The Spanish side’s aggressiveness tests not only talent, but temperament. Atleti thrives on games that are physical, bitty, and even downright dirty. Their defensive pressure and physicality will be a major test of the Chelsea’s technical ability and composure.
Atleti in attack
In a match-up of strong defences, it will likely be the side with the better quality in attack who is able to advance.
While the La Liga leaders are very narrow when defending, they blossom out when in attack.
The wide-midfielders are still relatively narrow, allowing the fullbacks to push up and create the attacking width. Indeed, Atleti’s strength is attacking down either flank where they can create overloads against opposition fullbacks. The Chelsea wide-players are going to be crucial in this aspect, as any lapse in concentration could see their fullback exposed to a 2-on-1 or even 3-on-1 situation.
Atleti are very intelligent with their movement around the 18 yard-box, creating the overloads as previously mentioned which often draw players away from the middle of the area, leaving space for Atleti’s strikers. Indeed, a crucial part of their attacking play is the high number of “dummy runs” made by players on the flanks in an attempt to draw at least one defender out of position, creating space to attack or cross.

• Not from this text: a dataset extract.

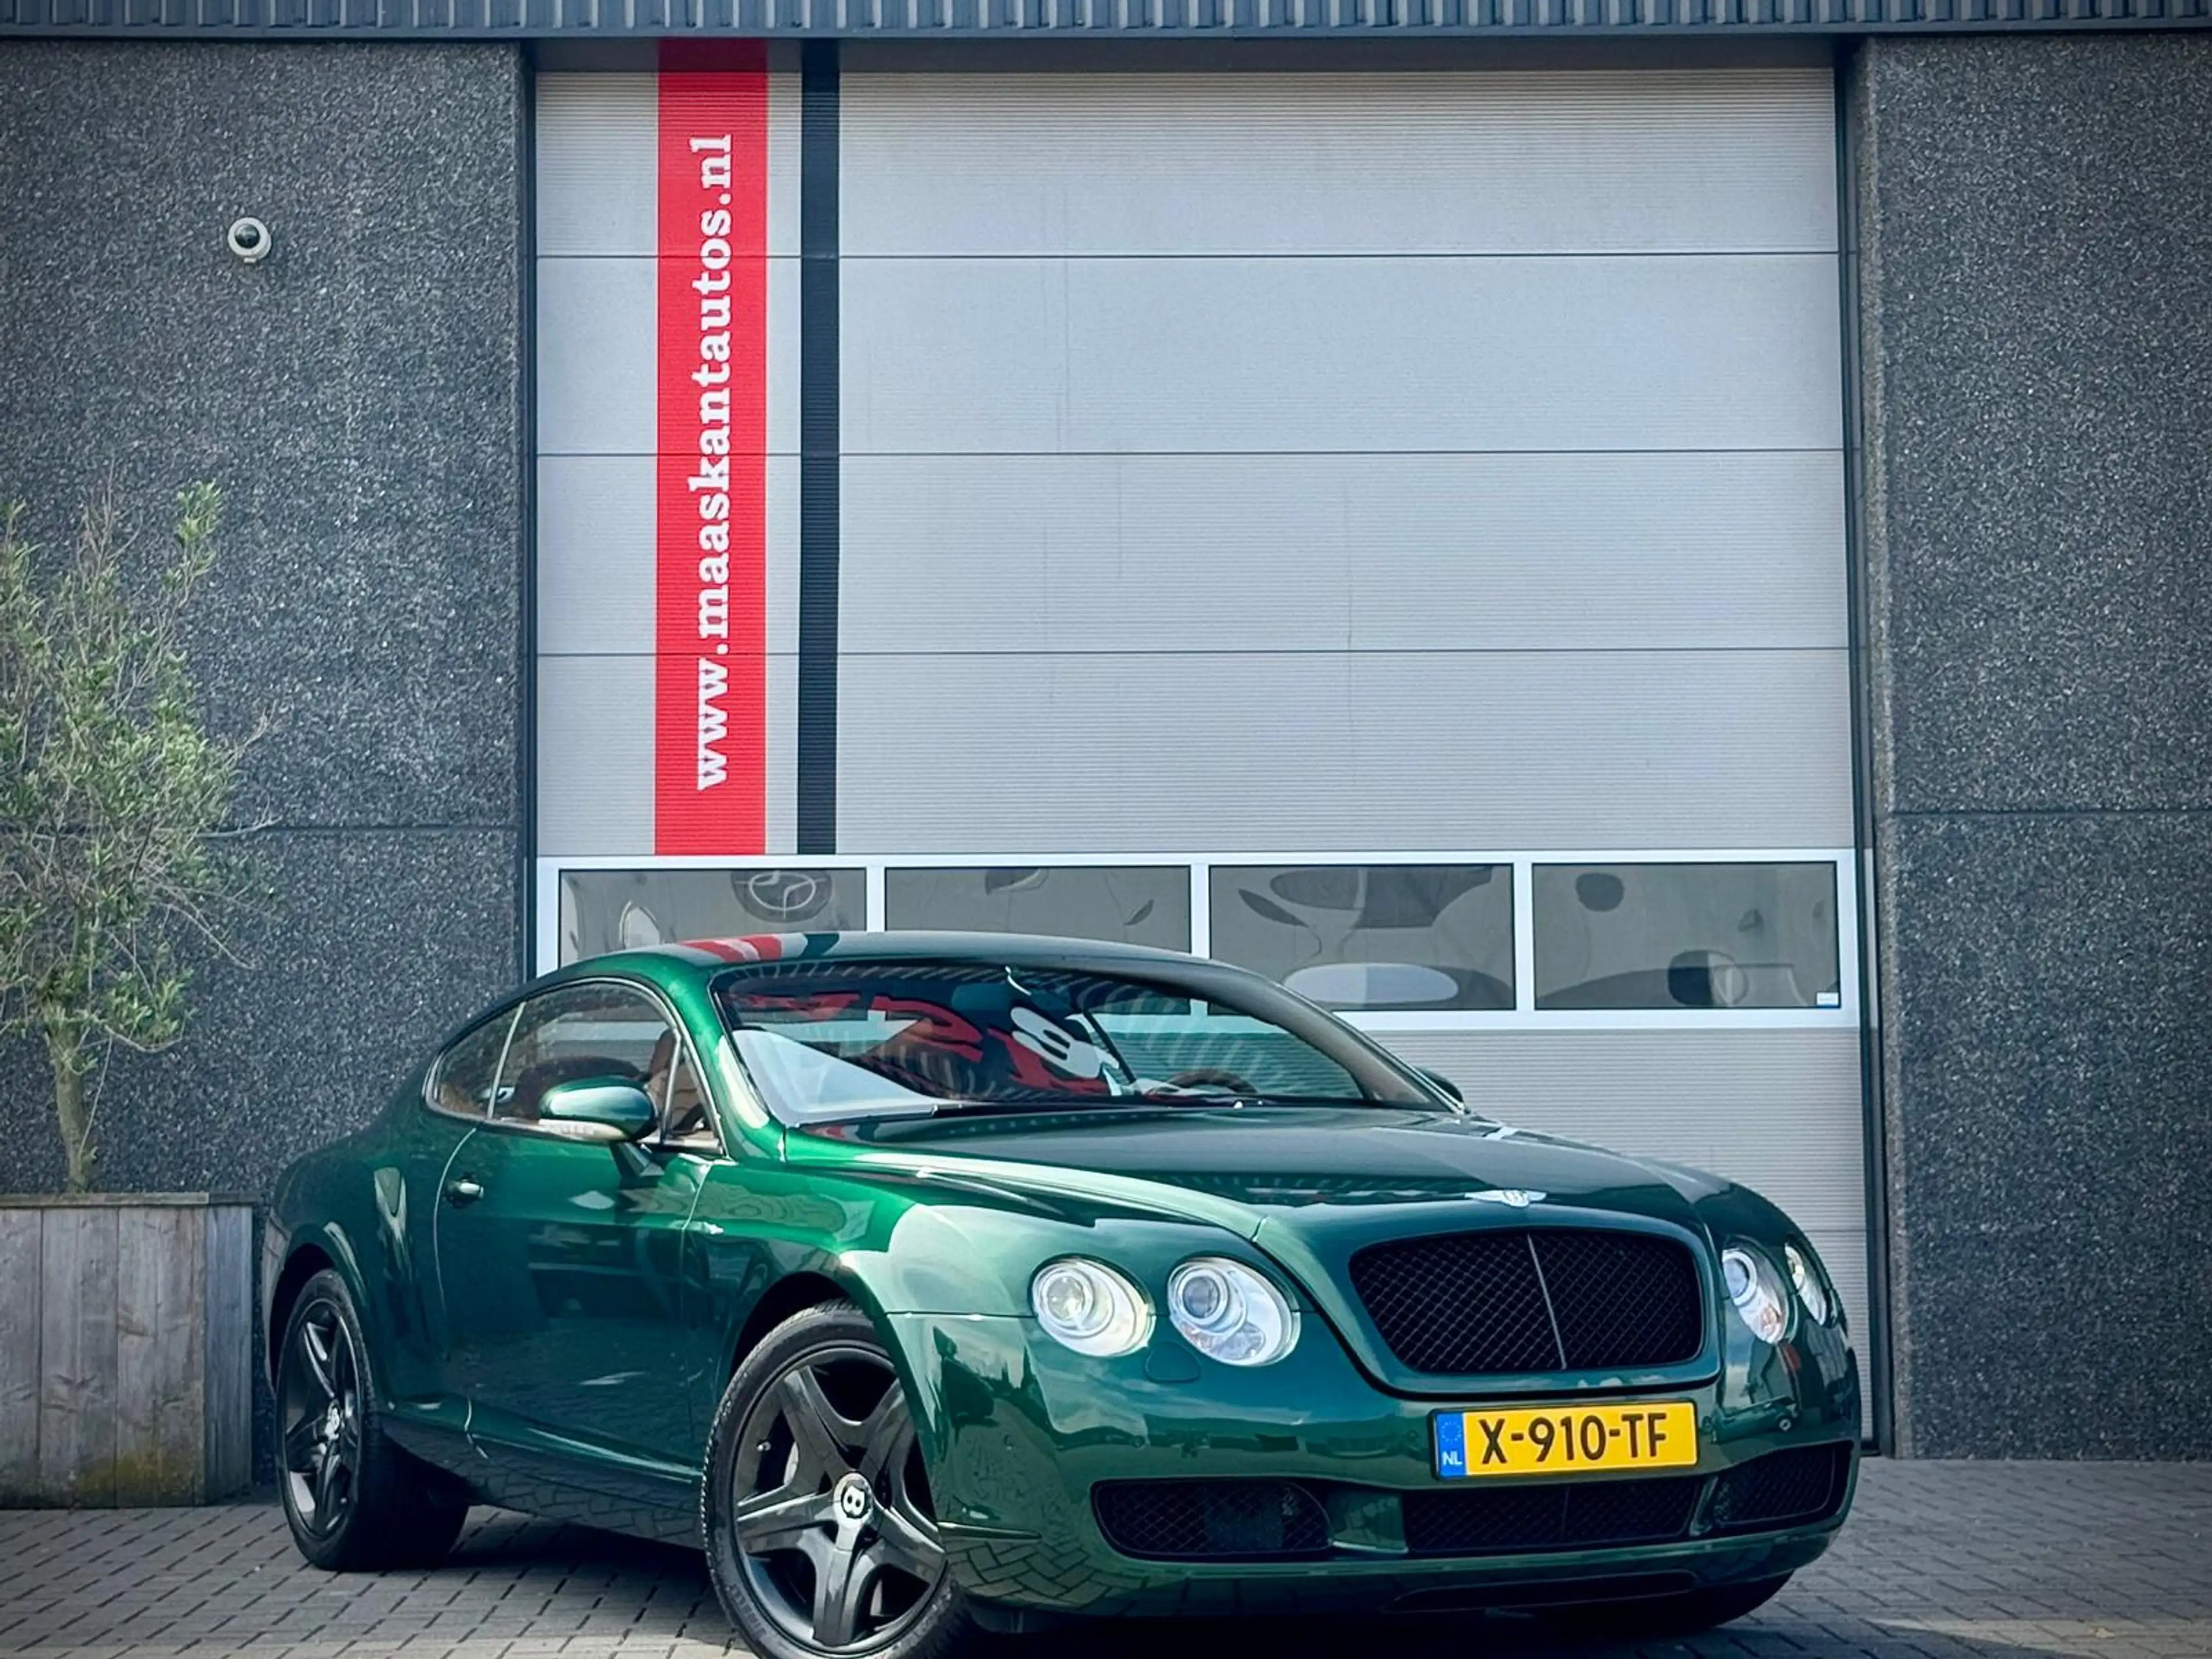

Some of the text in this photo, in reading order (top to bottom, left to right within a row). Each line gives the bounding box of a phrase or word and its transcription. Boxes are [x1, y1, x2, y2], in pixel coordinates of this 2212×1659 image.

[687, 134, 732, 790] www.maaskantautos.nl
[1442, 1413, 1666, 1465] NL X-910-TF
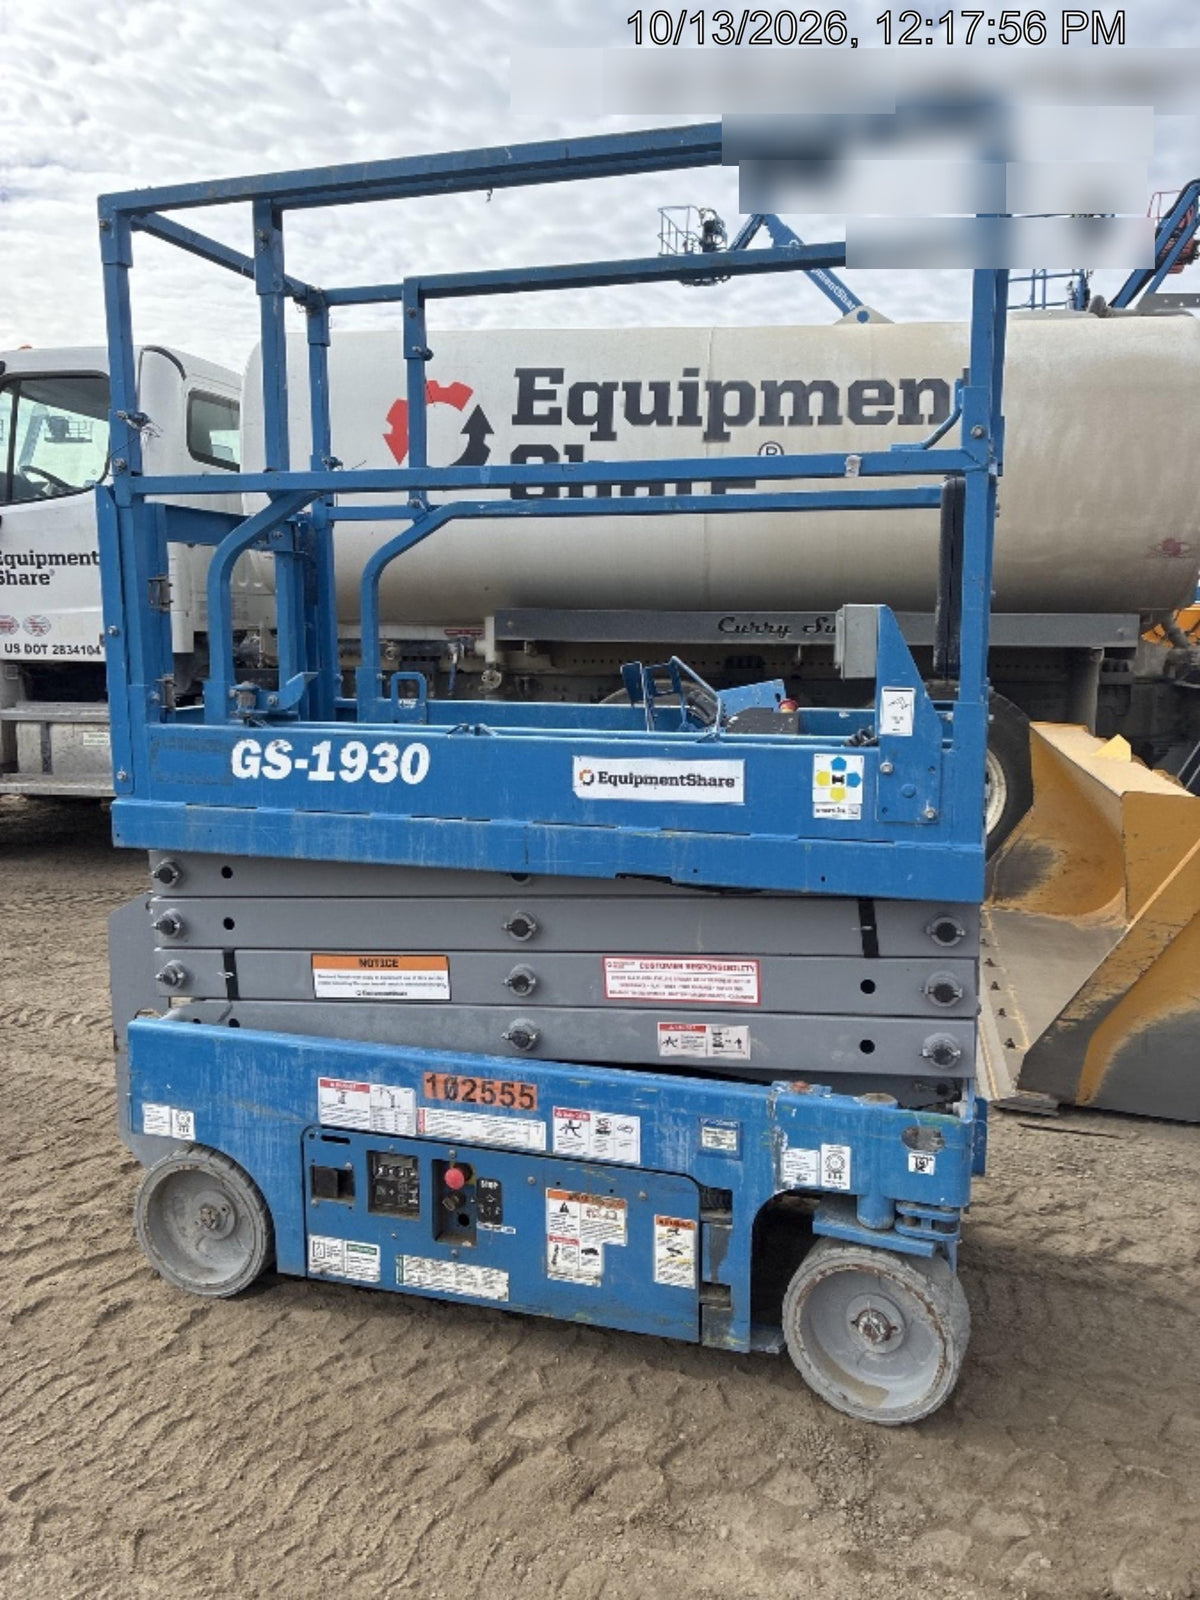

Atleti are much like a traditional English team in that they put an emphasis on crossing and set-pieces. 22 of their 74 goals this season have come via a set-piece (stat via Squawka) and both fullbacks and wide-midfielders put in a high number of crosses per-match. This should play into Chelsea’s hands as they have conceded only six headed goals this season, but Atleti’s ability in the air cannot be underestimated as they have scored an impressive 15 headers this season (stat via Squawka).
The Problem of Koke
While much of the attention will be on the match-up between the Atleti strikers and Chelsea centre-backs, the decisive factor could be how well Chelsea is able to contain Koke.
The 22-year-old has scored six goals and added a Europe-leading 13 assists in all competitions this season, and his positioning could create serious problems for the Blues defence.
While Koke starts on the left, he often plays very narrow, drifting towards the centre of the midfield where he can help his two central-midfielders. This creates an issue for right-backs because it potentially leaves them with no one to mark. If they decide to track him inside, then they leave the flank open to the Atleti left-back to exploit, but if they fail to track him, then Koke has no natural marker in the midfield and would have the ability to roam.
With Koke’s exceptional ability to read and pick the correct pass, he could create the most problems for Mourinho and his men.
Simeone has been quoted as saying that Mourinho has been one of his central inspirations in the way he manages his team, and it clearly shows. Chelsea are not used to teams who can match them in terms of physicality and aggressiveness, and Atleti’s intensity will be up a notch as they play in the club’s biggest match for 40 years.
If Mourinho is without the creative talents of Eden Hazard for the first leg, then the challenge of breaking down Atleti’s defence will become that much harder as their Spanish opposition will try to put them in the position of being forced to put numbers forward in attack.
Expect Atleti to start the match much in the same way against Barcelona, pressing Chelsea relentlessly in the hopes of getting an early goal that will put the tie firmly in their favor and the incentive on Chelsea to take risks.